Im Februar ein Album mit dem Titel JULY herauszubringen, darf wohl als eher ungewöhnlich bis mutig angesehen werden, zumal der amerikanische Winter nicht annähernd so frühlingshaft anmutet wie der diesjährige über Deutschland. Und dennoch – schon mit den ersten zarten Tönen wird klar, dass die US-amerikanische Singer-Songwriterin Marissa Nadler keinen passenderen Titel für ihre neue Platte hätte wählen können. Wie schon auf den fünf vorangegangenen Alben stehen auch hier die akustische Gitarre und Nadlers feine, feminine Stimme im Vordergrund, die die phantasievollen Textzeilen umschmeicheln. Dazu gesellen sich elfenhaft anmutende Backgroundvocals und von Zeit zu Zeit Streicher, Flöten oder auch einmal eine fern klingende E-Gitarre. Die 32-Jährige verzichtet weitestgehend auf den Einsatz von Percussions, wodurch die vollendet schönen Melodien ganz in den Mittelpunkt ihrer Songs rücken. Dem Nadler-Stil treu bleibend, mutet JULY melancholisch und nachdenklich an. Die großen Themen sind Verlustschmerz, wie in „Drive“ oder „1923“, und die Sehnsucht nach Liebe und Geborgenheit, wie sie in „Desire“ oder „Firecrackers“ formuliert wird. Doch trotz der durchgehend ruhigen, verträumten Stimmung ist JULY auch nach mehrmaligem Hören alles andere als langweilig. Tatsächlich macht das Sprichwort „eins schöner als das andere“ hier plötzlich Sinn, denn es scheint kaum möglich, unter den elf Albumsongs ein absolutes Lieblingslied auszumachen.
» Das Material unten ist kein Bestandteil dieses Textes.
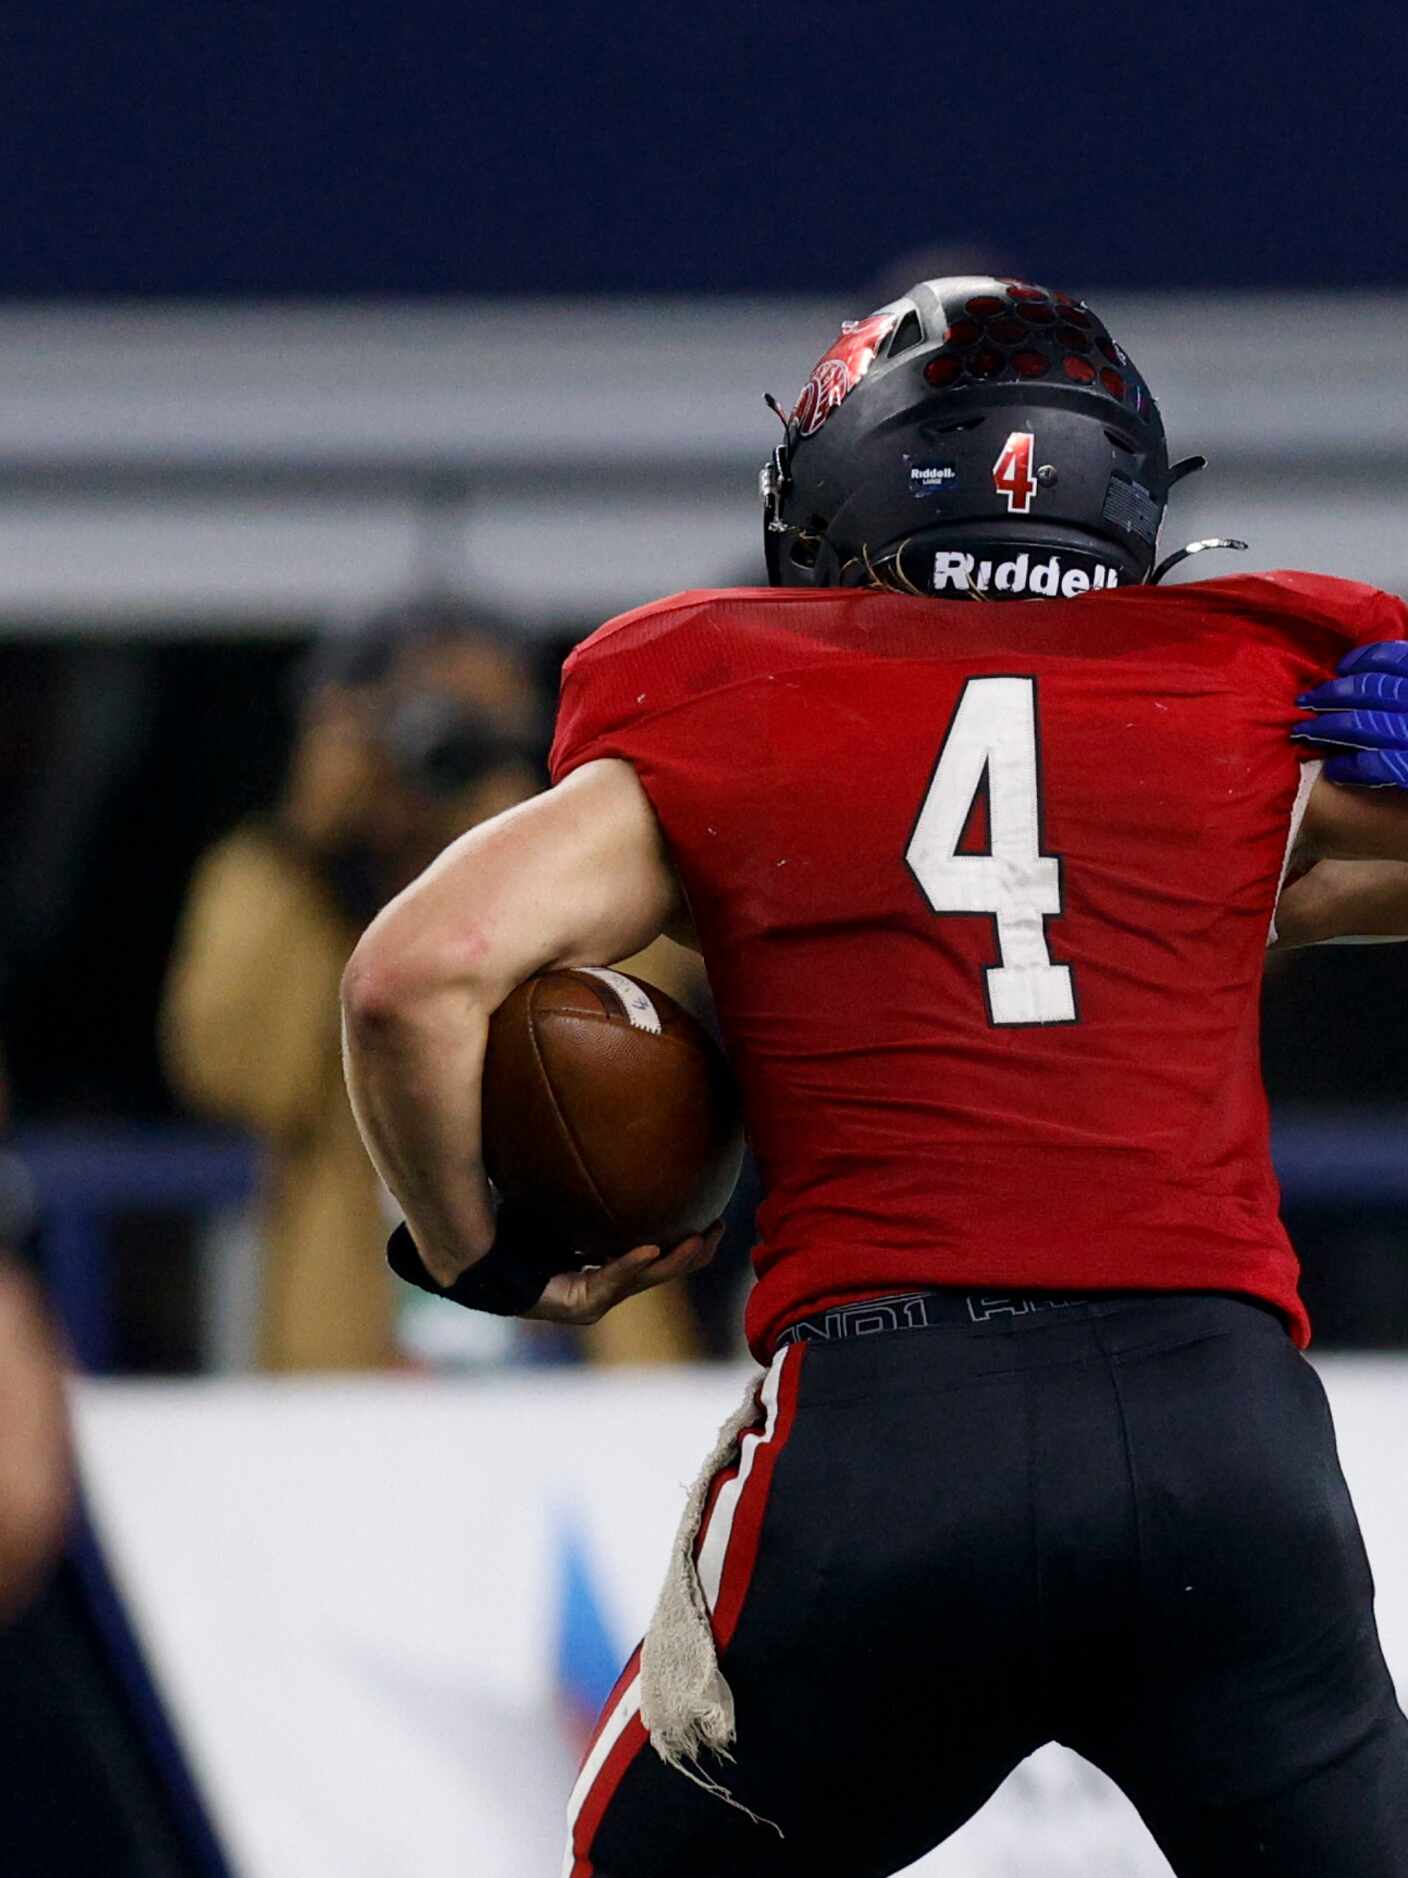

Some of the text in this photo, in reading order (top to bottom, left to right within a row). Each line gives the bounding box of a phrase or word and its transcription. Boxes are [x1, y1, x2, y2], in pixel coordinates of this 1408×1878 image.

[992, 432, 1037, 513] 4
[933, 551, 1119, 598] Riddell
[904, 675, 1079, 1027] 4
Bei allen Versuchen, Vergleiche außen vor zu lassen – einen muss sich Nadler abschließend aber doch gefallen lassen: Sowohl der Albumtitel als auch die musikalischen Arrangements erinnern an vielen Stellen an Lana Del Reys „Summertime Sadness“. Dies darf aber nur in bester Weise verstanden werden, schließlich verkaufte sich der Hit Del Reys nicht grundlos über vier Millionen Male rund um den Globus. Etwas, dass man nach diesem tollen Album auch Marissa Nadler nur wünschen kann. Denn wer Lana Del Rey mag, wird Marissa Nadlers JULY lieben!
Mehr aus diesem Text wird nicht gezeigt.